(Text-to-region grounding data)
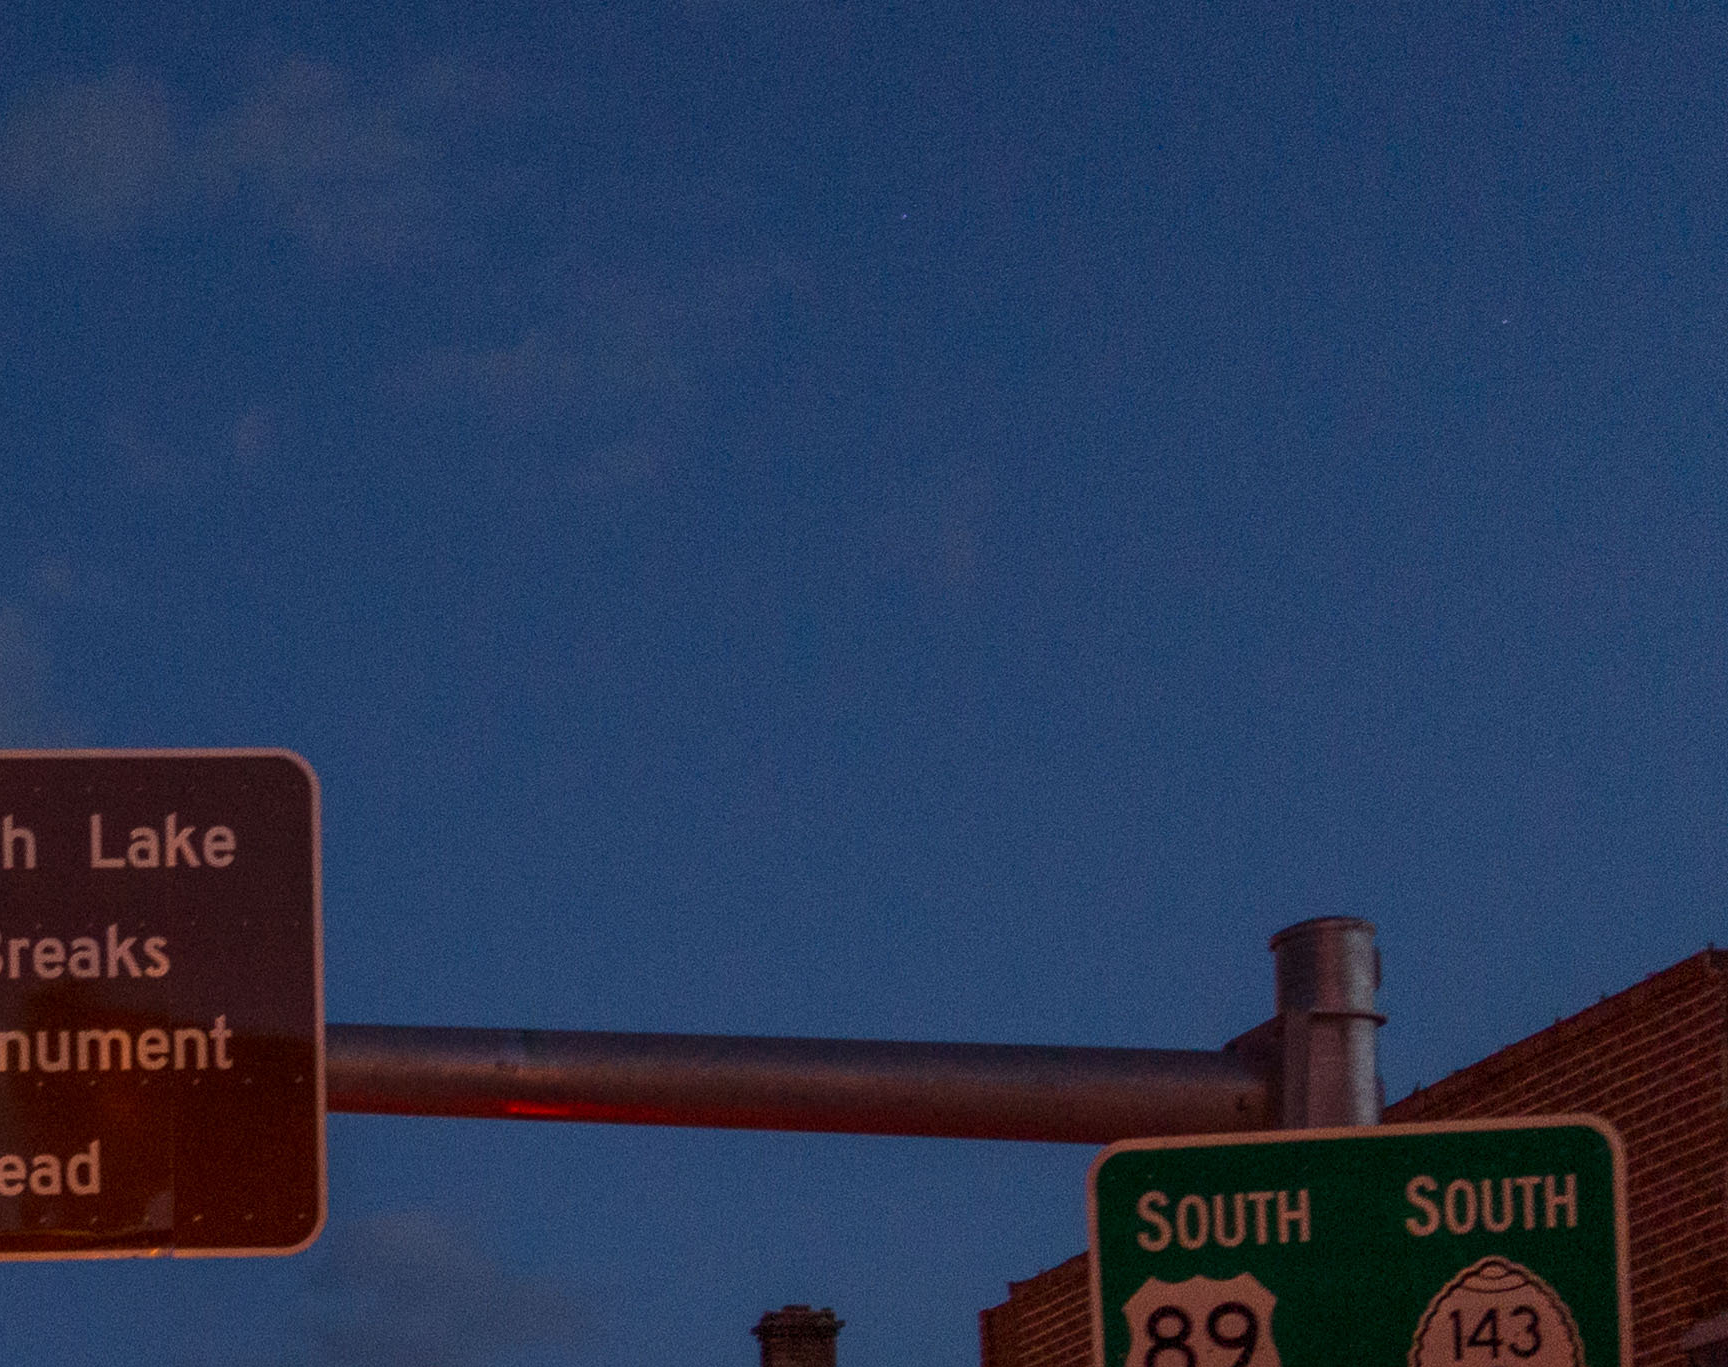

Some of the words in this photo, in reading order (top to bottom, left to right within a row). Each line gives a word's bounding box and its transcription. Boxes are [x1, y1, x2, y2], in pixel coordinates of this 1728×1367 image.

[90, 813, 236, 868] Lake
[1135, 1187, 1313, 1253] SOUTH
[1404, 1172, 1579, 1238] SOUTH
[1448, 1305, 1542, 1362] 143
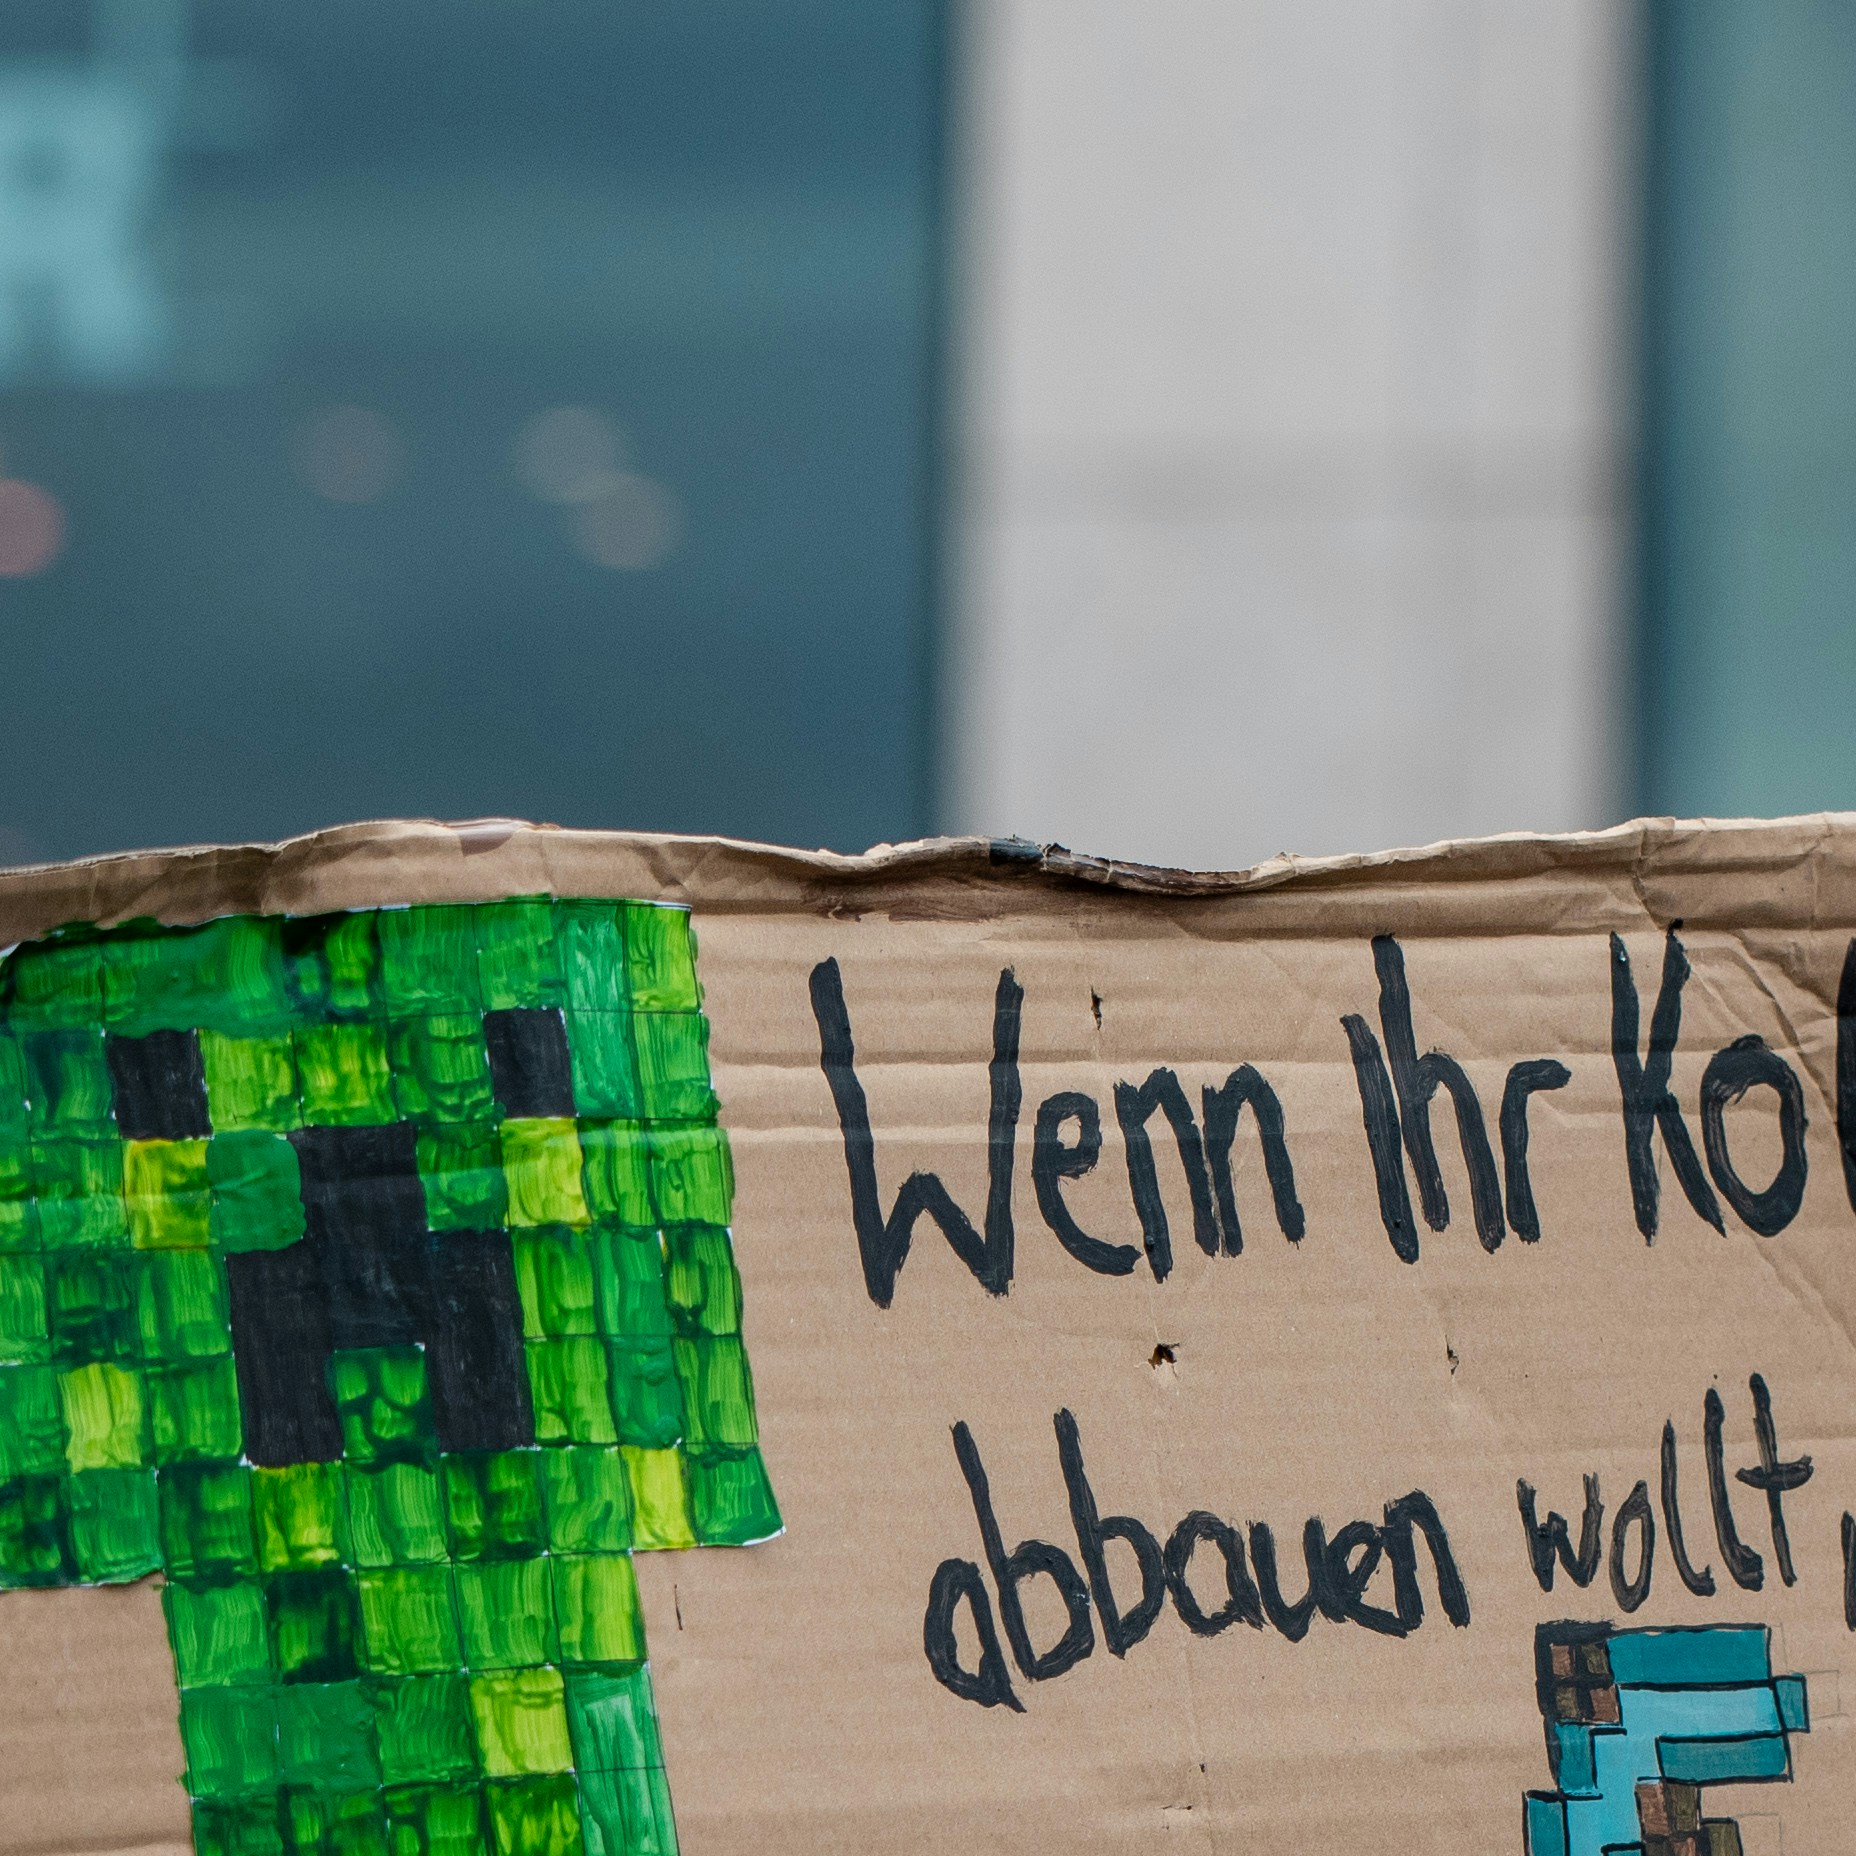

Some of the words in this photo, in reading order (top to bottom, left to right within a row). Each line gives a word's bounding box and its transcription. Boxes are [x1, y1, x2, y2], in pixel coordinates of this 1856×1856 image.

[807, 955, 1307, 1308] Wenn
[1342, 932, 1572, 1265] Ihr
[922, 1407, 1472, 1713] abbauen
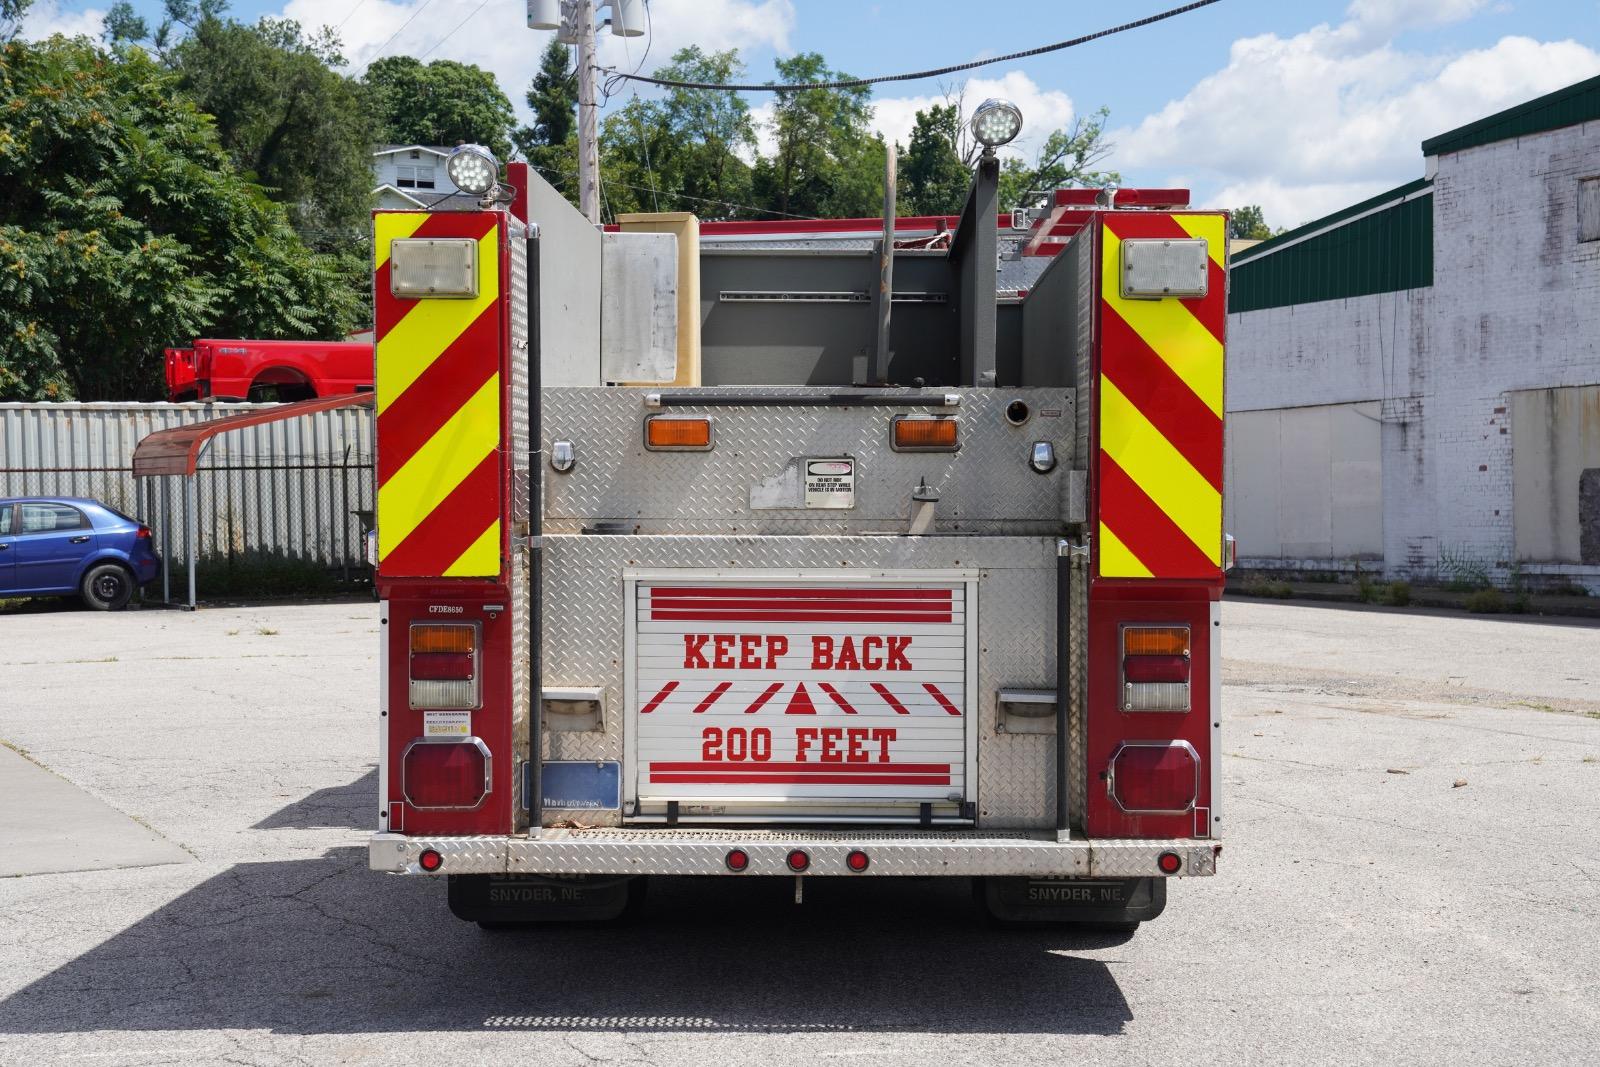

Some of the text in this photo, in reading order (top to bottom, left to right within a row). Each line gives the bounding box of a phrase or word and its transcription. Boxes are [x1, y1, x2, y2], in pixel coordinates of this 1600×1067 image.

[684, 634, 912, 671] KEEP BACK
[702, 727, 896, 762] 200 FEET
[489, 888, 557, 902] SNYDER,
[1029, 887, 1126, 902] SNYDER, NE.
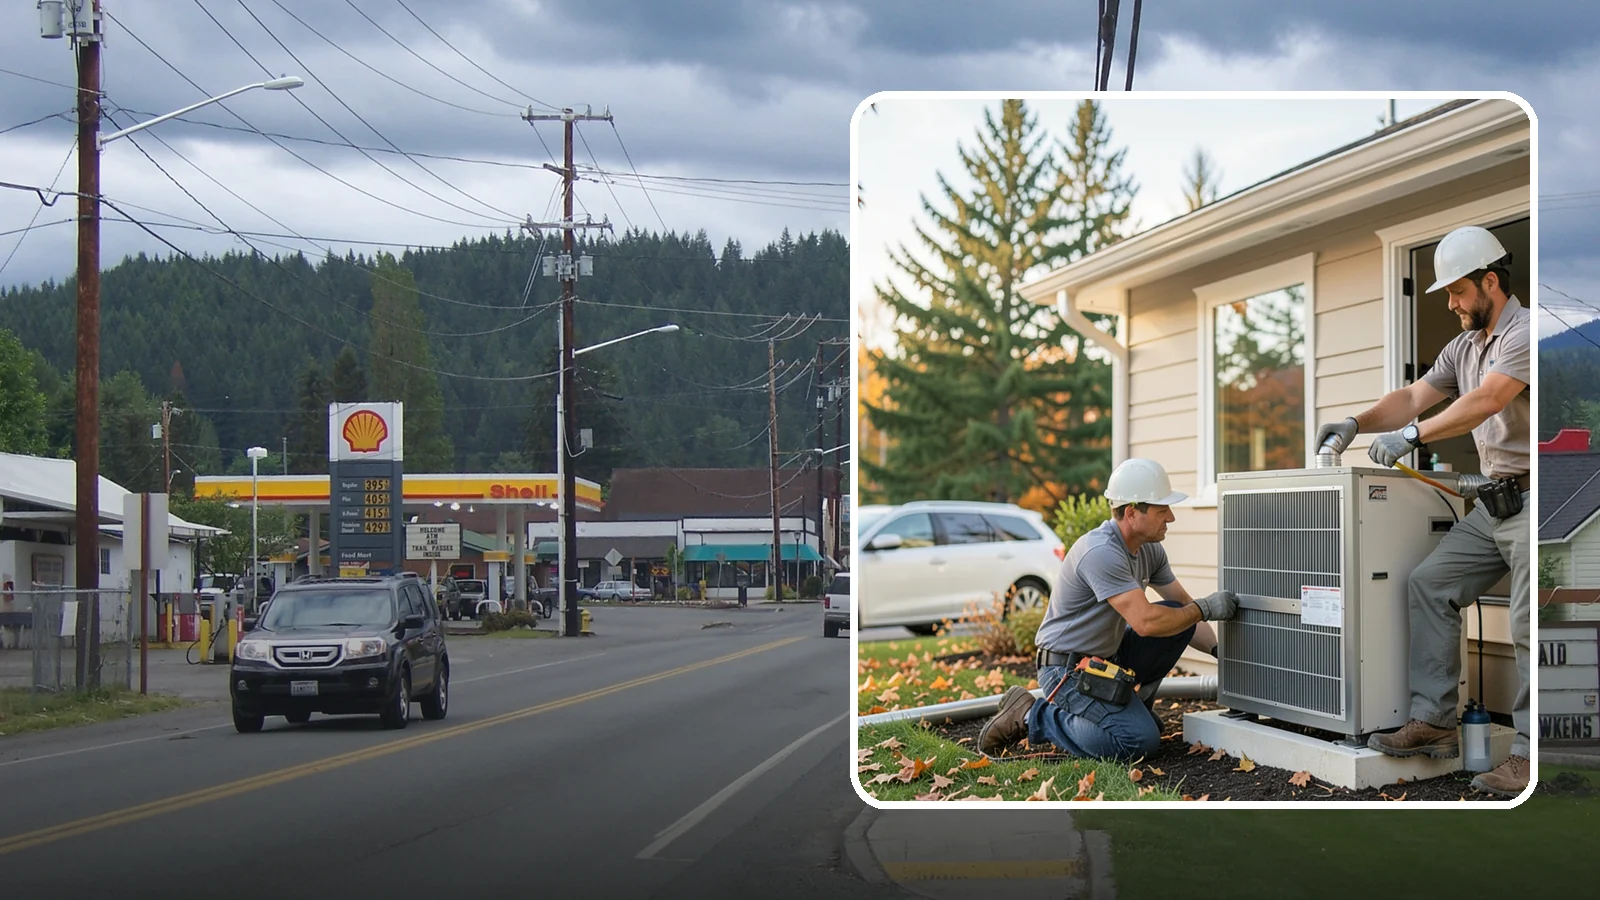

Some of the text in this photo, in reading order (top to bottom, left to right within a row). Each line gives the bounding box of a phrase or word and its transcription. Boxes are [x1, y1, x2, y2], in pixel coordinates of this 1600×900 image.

[365, 480, 384, 490] 395
[490, 484, 547, 499] Shell
[365, 494, 384, 504] 405
[365, 508, 383, 518] 415
[365, 522, 383, 532] 429

# [Requirement]
The expected response is every entry above, repeated exactly, pictures removed.

# [Answer space]
Some of the words in this photo, in reading order (top to bottom, left to right within a row). Each line gives a word's bounding box and its transcription. Boxes are [x1, y1, x2, y2], in pixel coordinates of this 1728×1367 image.

[90, 813, 236, 868] Lake
[1135, 1187, 1313, 1253] SOUTH
[1404, 1172, 1579, 1238] SOUTH
[1448, 1305, 1542, 1362] 143

Some of the words in this photo, in reading order (top to bottom, left to right within a row). Each line gives a word's bounding box and its transcription. Boxes are [x1, y1, x2, y2], in pixel coordinates of this 1856×1856 image.

[807, 955, 1307, 1308] Wenn
[1342, 932, 1572, 1265] Ihr
[922, 1407, 1472, 1713] abbauen

Some of the text in this photo, in reading order (top to bottom, left to right within a row). Each line gives the bounding box of a phrase or word and its transcription. Boxes are [x1, y1, x2, y2], in pixel coordinates of this 1600×1067 image.

[684, 634, 912, 671] KEEP BACK
[702, 727, 896, 762] 200 FEET
[489, 888, 557, 902] SNYDER,
[1029, 887, 1126, 902] SNYDER, NE.

Some of the text in this photo, in reading order (top to bottom, left to right within a row). Each line gives the bounding box of a phrase or word and its transcription. Boxes are [x1, y1, x2, y2], in pixel coordinates of this 1600×900 image.

[365, 480, 384, 490] 395
[490, 484, 547, 499] Shell
[365, 494, 384, 504] 405
[365, 508, 383, 518] 415
[365, 522, 383, 532] 429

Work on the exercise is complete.